Eram 21:40 e o Bernardo não tinha dado sinal de vida como tínhamos combinado. Peguei uma blusa de frio, porque aqui tem um clima louco e mudou do calor infernal de mais cedo pra um vento meio gelado e eu não tô podendo, dado os acontecimentos de hoje. Mesmo assim coloquei um short porque minhas calças estavam todas sujas. Ainda achei que não fosse cruzar com minha mãe porque ela tinha chegado e ido direto pro banho, mas...

– Tarsooo Gabriel!! – Porra, ela não tava fazendo isso. Odeio que me chamem assim.

– Que, mãe? – Falo gritando do corredor.

– Vem cá, moleque. Tô te chamando! – Eita.

– Fala, dona Eliana!

– Onde você pensa que tá indo, rapazinho? Os meninos falaram que você tava caído no sofá mais cedo de tão fraco e ainda vai sair pra pegar friagem?

– Ah, mãe! O Tulin preparou um lanche e eu já tô de boa. Eu tava precisando era de um descanso mesmo.

– Descanso de quê, menino? Cê não faz nada o dia todo...

– Descanso mental, mãe. O dia foi pesado. Eu tô indo encontrar o B. e o Enzo.

– Humm. E volta pra casa ou vai fazer igual ontem?

– Vou voltar, mamis. Fica de boa que eu não vou aprontar nada.

– É bom mesmo, porque você não pode esquecer que tem só 16 anos e que as coisas não são tão simples assim, tipo dormir na casa de um cara que eu nem sei quem é.

– Mas vai conhecer dona Elianinha. Seu filho foi pedido em namoroo! – Falei num tom irônico, mas pro lado divertido.

– Ah, senhor... Eu acho que tô sonhando! Meu filhinho de um homem só.

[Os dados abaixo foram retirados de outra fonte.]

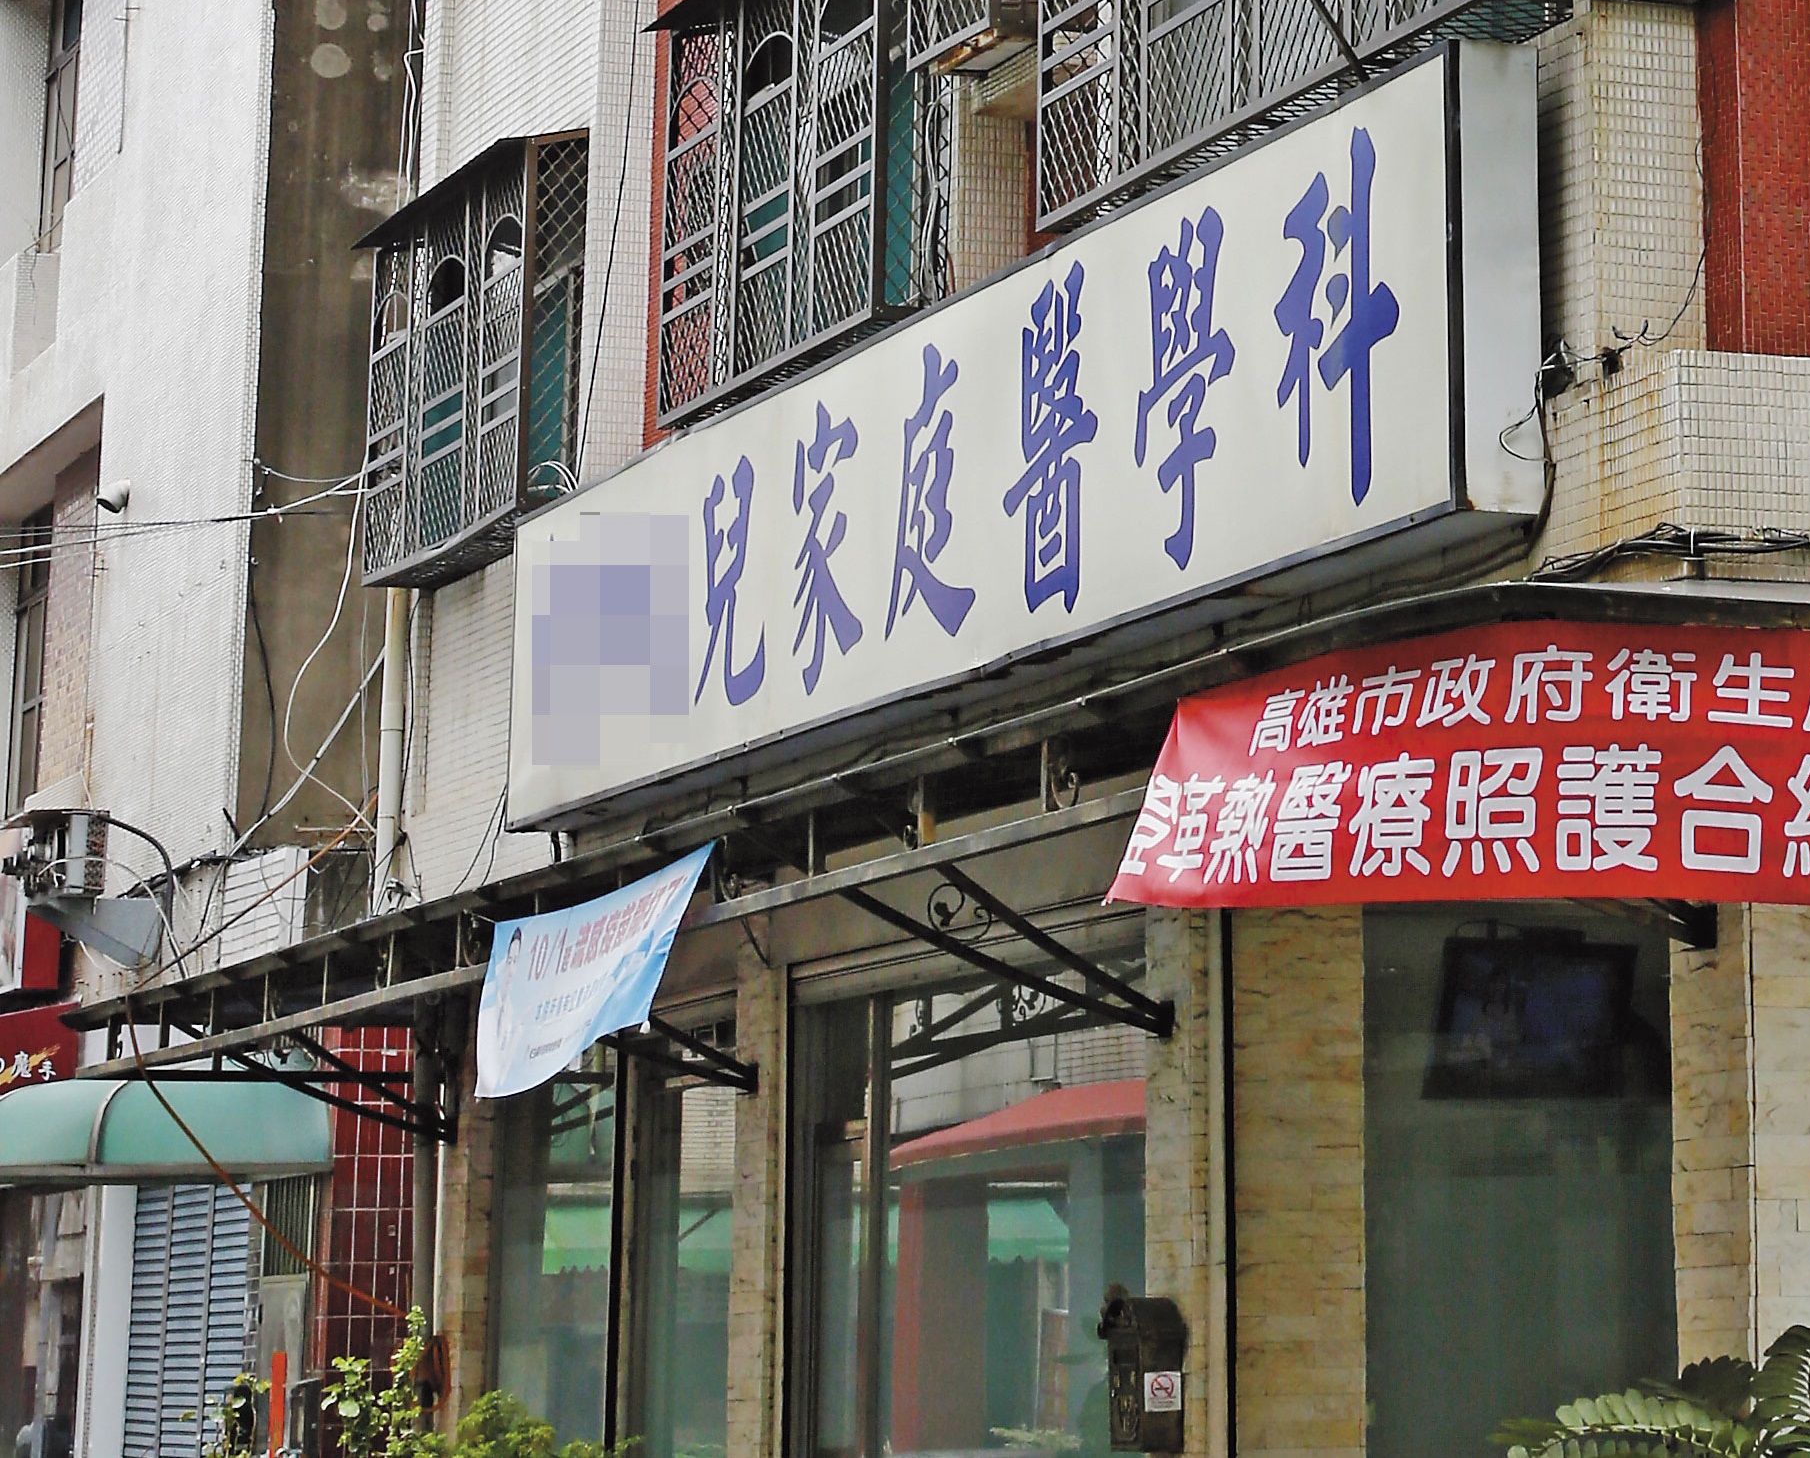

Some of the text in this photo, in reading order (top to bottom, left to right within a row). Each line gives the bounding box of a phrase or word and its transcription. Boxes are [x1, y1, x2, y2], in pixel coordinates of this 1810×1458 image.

– Engraçadinha. Deixa eu ir pra achar o B.

– Peraí, menino. Ainda não terminei.

– O que é, mãe?

– Deixei o carro na oficina. Vou precisar do teu pra sair com as meninas, hoje é aniver da Ivete.

– Ah, Jesus. E eu que deixo de buscar a Dalila ligeiro, né? Porra, mãe. Ia pegar o B. e agora?

– Para de reclamar, menino. Na sua idade todo mundo anda apé. E sabe que se acontecer algo contigo eu sou presa, né? É só pegar a brasília do teu avô. A chave tá na gaveta da sala.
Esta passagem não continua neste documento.